Exercise instructions:
Please reproduce all the records exactly while leaving out their pictures.

Input data:
- Opening Delimiter -

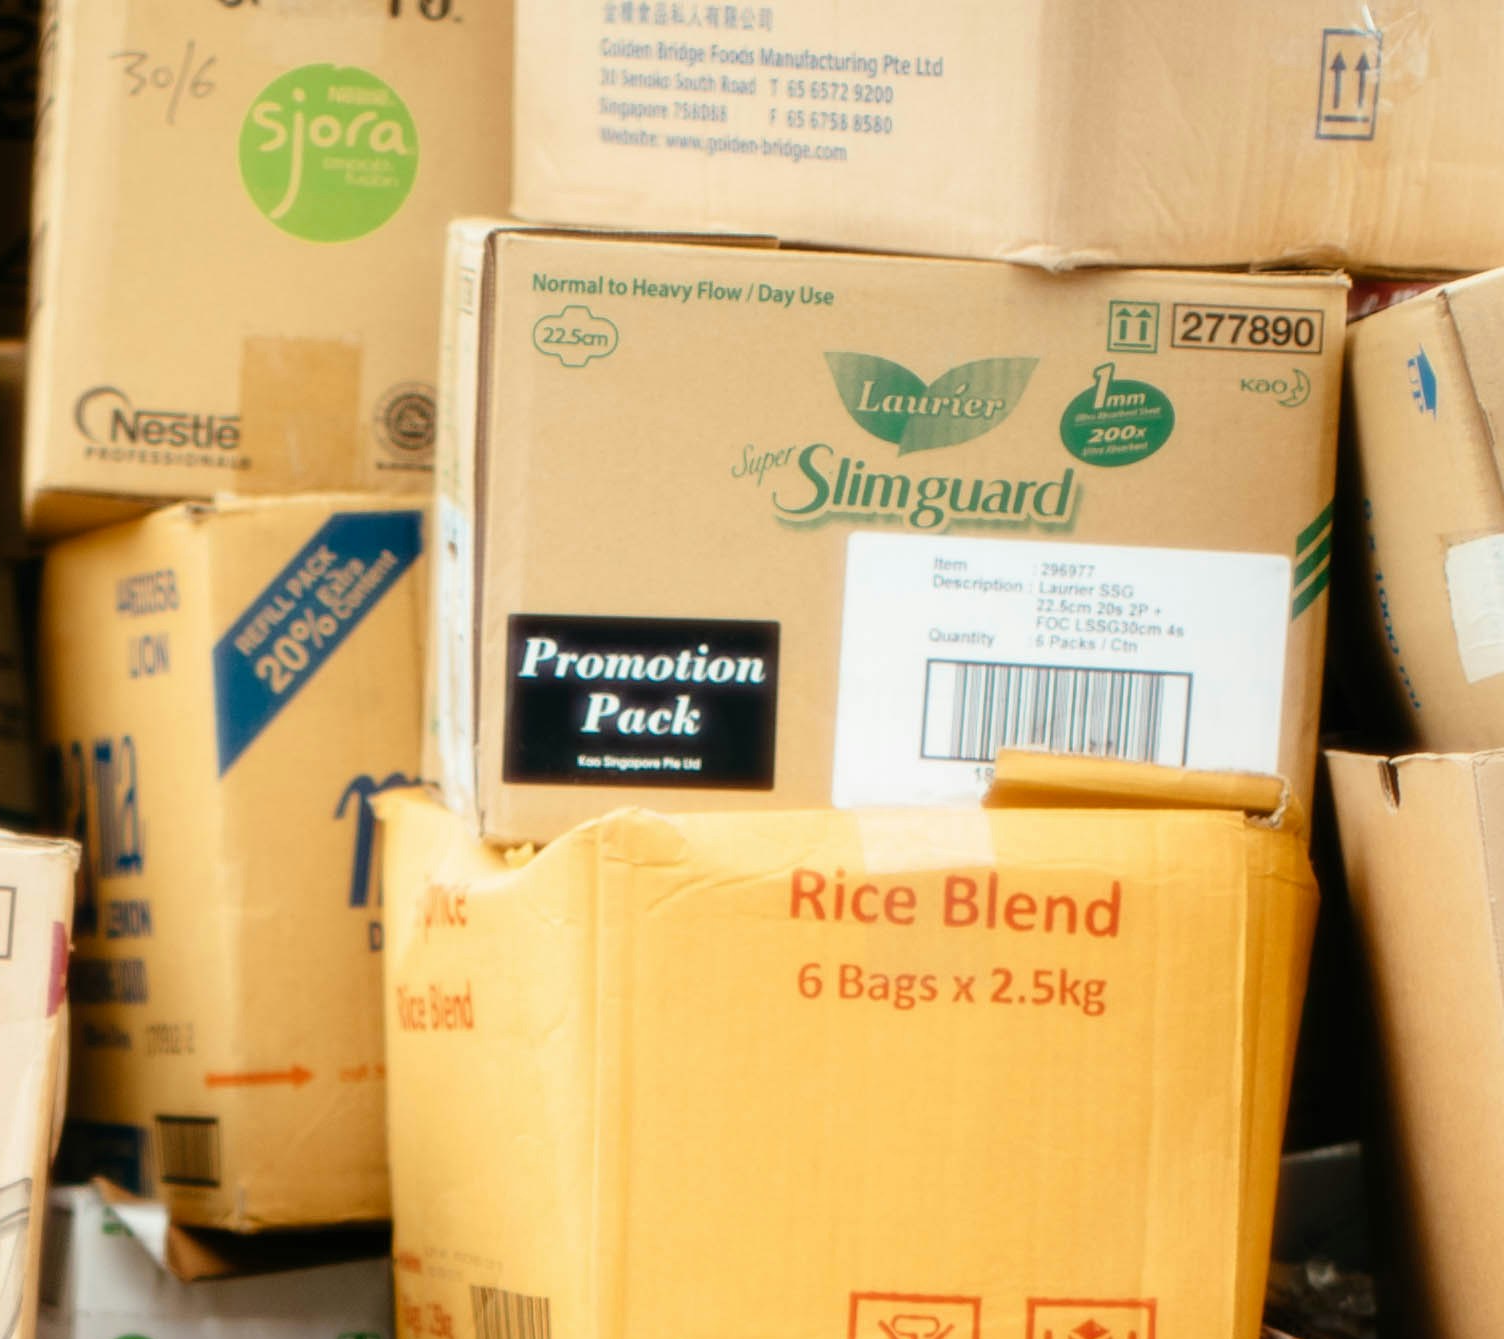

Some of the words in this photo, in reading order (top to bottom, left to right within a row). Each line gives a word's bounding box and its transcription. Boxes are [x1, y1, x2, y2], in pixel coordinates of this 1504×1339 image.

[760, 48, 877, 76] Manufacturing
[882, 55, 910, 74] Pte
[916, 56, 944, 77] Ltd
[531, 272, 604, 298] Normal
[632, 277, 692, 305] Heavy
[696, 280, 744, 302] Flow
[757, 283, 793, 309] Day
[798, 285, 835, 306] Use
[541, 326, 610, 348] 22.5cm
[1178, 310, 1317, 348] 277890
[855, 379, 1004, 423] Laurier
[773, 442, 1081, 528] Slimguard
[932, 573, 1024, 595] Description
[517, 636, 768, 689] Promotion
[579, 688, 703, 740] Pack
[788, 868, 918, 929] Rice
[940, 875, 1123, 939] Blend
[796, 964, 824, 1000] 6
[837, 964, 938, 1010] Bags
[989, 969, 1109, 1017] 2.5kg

- Closing Delimiter -

Exercise response:
Some of the words in this photo, in reading order (top to bottom, left to right within a row). Each line gives a word's bounding box and its transcription. Boxes are [x1, y1, x2, y2], in pixel coordinates of this 1504×1339 image.

[760, 48, 877, 76] Manufacturing
[882, 55, 910, 74] Pte
[916, 56, 944, 77] Ltd
[531, 272, 604, 298] Normal
[632, 277, 692, 305] Heavy
[696, 280, 744, 302] Flow
[757, 283, 793, 309] Day
[798, 285, 835, 306] Use
[541, 326, 610, 348] 22.5cm
[1178, 310, 1317, 348] 277890
[855, 379, 1004, 423] Laurier
[773, 442, 1081, 528] Slimguard
[932, 573, 1024, 595] Description
[517, 636, 768, 689] Promotion
[579, 688, 703, 740] Pack
[788, 868, 918, 929] Rice
[940, 875, 1123, 939] Blend
[796, 964, 824, 1000] 6
[837, 964, 938, 1010] Bags
[989, 969, 1109, 1017] 2.5kg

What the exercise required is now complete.